To those bound for the aisle and drawn to the creative and organisational aspects of the whole affair, a wedding presents an opportunity to imagine, plot out and micromanage, where desired, an occasion intended to be a once in a lifetime event, and where the guests of honour have the option, more often than not in the developed world, of deciding how they'd like things to unfold over the course of the evening.
Being budget-conscious may have a lot to do with determining a choice of venue, entertainment, and bridal wear, for starters, but it has less to do with feeding guests well than one may think. Take the tiered wedding cake, for instance. Though I've known a couple of brides who have attempted their own cakes with varying degrees of success, the best cakes are usually made by professional bakers, are incredibly labour-intensive and time-consuming, and will be priced to reflect the quality of the ingredients used and the volume of blood, sweat and tears that went into it.

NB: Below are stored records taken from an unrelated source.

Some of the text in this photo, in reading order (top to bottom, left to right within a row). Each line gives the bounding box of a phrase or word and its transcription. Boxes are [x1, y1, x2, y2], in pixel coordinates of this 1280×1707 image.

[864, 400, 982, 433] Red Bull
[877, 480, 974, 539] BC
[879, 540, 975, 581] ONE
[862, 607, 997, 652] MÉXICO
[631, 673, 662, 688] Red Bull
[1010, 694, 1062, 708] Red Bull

With so much focus on a dramatic centrepiece, it shouldn't come as a surprise that in parts of the world (Japan, the Muslim world) where the iconic white wedding is merely a symbolic or allegorical reference to marriage as defined by the law, people tend to have different values when it comes to authenticity. The cakes by which brides and grooms pose are often all smoke, mirrors and cardboard; stage props in which small portions of actual cake are hidden. My friend's resplendent May wedding came replete with a towering fake cake with an artificial base through which the newlyweds mistakenly struggled to slice, having been led to believe that it was the edible part of the sculpture.

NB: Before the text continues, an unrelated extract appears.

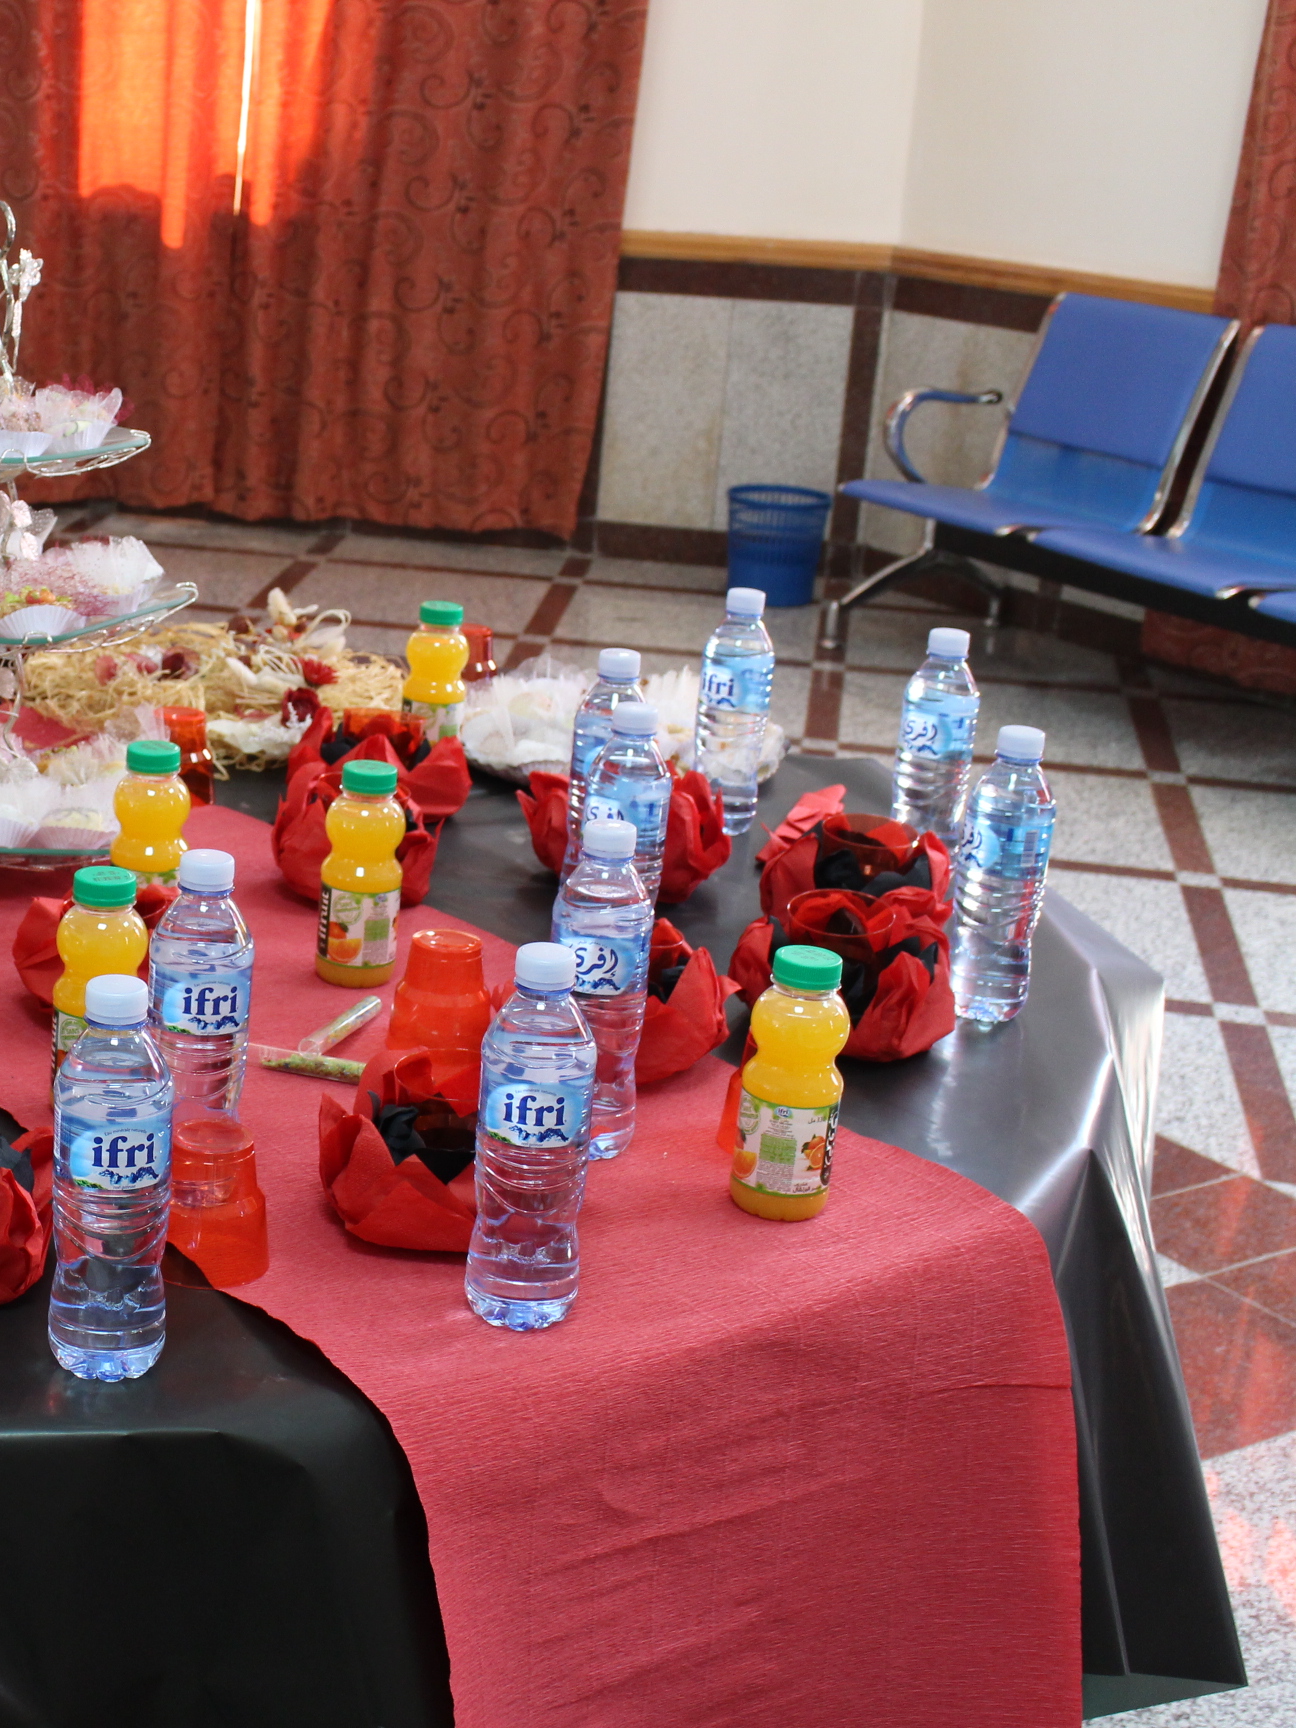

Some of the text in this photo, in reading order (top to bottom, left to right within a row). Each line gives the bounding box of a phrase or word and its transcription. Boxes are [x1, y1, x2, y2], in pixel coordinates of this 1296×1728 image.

[182, 986, 238, 1016] ifri
[503, 1093, 565, 1127] ifri
[92, 1133, 155, 1168] ifri

As the couple co-handled the knife, servers balancing plates of pre-sliced cake sailed into the room in rapid succession. "If I'd had a smaller wedding," says my friend, "I'd have opted for a cake that was outrageously delicious above all else. But when you're feeding guests on a much grander scale, you have to consider your priorities and be willing to make a few compromises." Passing fads have included substituting pyramids of frosted cupcakes or towers of Krispy Kreme doughnuts for a traditional cake, though even a radical nonconformist can understand, if not appreciate, the classic tiered cake, at once generic and archetypal. Gathering to witness a newlywed couple as they slice into a cake and exchange tastes can be the most intimate act that occurs during the course of the evening at weddings where vows are not exchanged in front of an audience.
At some weddings, there may be a groom's cake alongside a tiered cake; usually a contrasting cake like dark chocolate or cheesecake, meant to offer guests an alternative, and superstitiously reckoned to induce visions of the proverbial Mr Right when a small slice is placed beneath an unwed woman's pillow. Because I am not a fan of super-sweet icings, I've never been fond of the traditional wedding cake with royal icing, and will always gladly pass on cake in favour of a good authentic croquembouche, which remains the traditional wedding dessert of France.
"In short, all the preparations made for the wedding were in rustic style, but abundant enough to feed an army." - Wedding feast scene in Don Quixote by Miguel de Cervantes Too many couples don't get the chance to enjoy a slice of their wedding cake until they fish it out of the freezer on their first anniversary. My favourite weddings tend to be small, musical, unfussy revelries, heavy on the family-style food and preferably held outdoors. If there are vows, then I'm usually focused on holding back tears. But more than anything, I love a wedding where the happy couple can partake in the fun and the food, along with everyone else, and this happens all too rarely.